Annotated photo localization data:
= Beginning of Section =

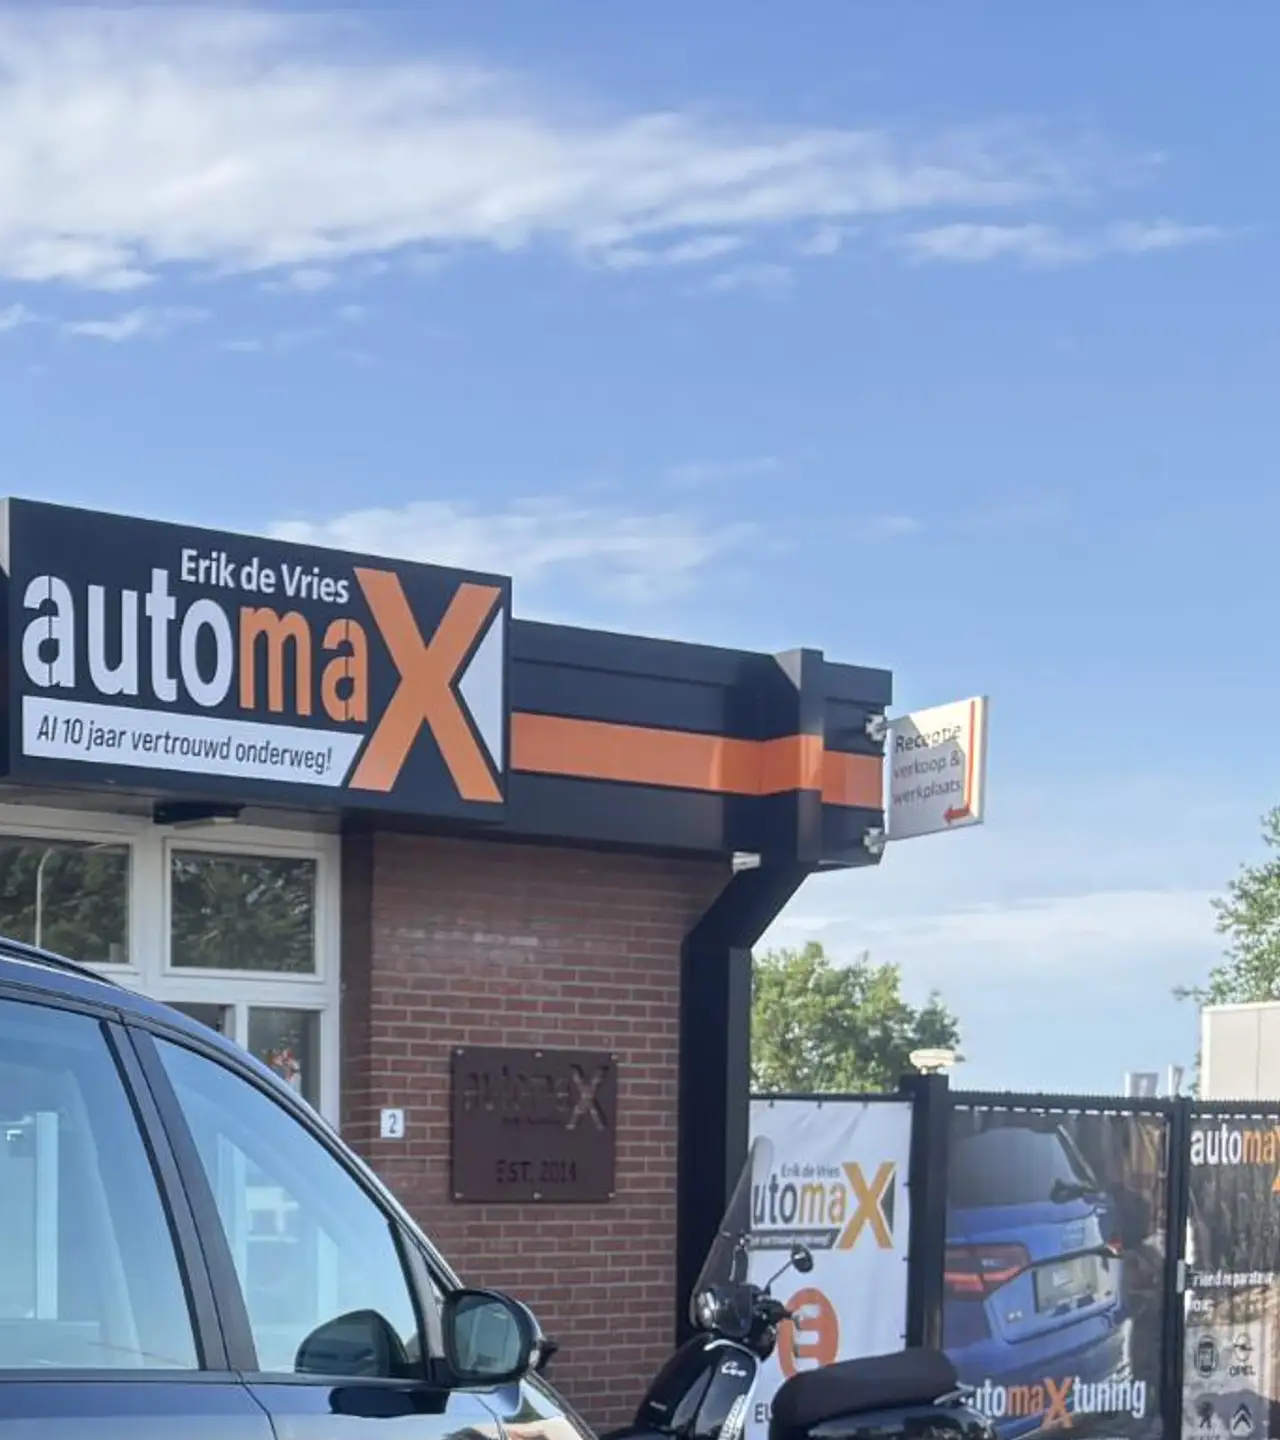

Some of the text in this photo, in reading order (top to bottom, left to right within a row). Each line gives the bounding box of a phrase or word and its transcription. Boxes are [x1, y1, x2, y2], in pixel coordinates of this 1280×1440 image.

[180, 548, 349, 604] Erik de Vries
[22, 566, 503, 802] automaX
[37, 714, 333, 775] Al 10 jaar vertrouwd onderweg!
[893, 750, 961, 780] verkoop &
[892, 779, 962, 807] werkplaats
[387, 1112, 399, 1135] 2
[753, 1161, 896, 1250] utomaX

= End of Section =

What the task requires »
Every line above should be returned word for word, with the pictures left behind.

Your response »
Some of the text in this photo, in reading order (top to bottom, left to right within a row). Each line gives the bounding box of a phrase or word and its transcription. Boxes are [x1, y1, x2, y2], in pixel coordinates of this 1280×1440 image.

[180, 548, 349, 604] Erik de Vries
[22, 566, 503, 802] automaX
[37, 714, 333, 775] Al 10 jaar vertrouwd onderweg!
[893, 750, 961, 780] verkoop &
[892, 779, 962, 807] werkplaats
[387, 1112, 399, 1135] 2
[753, 1161, 896, 1250] utomaX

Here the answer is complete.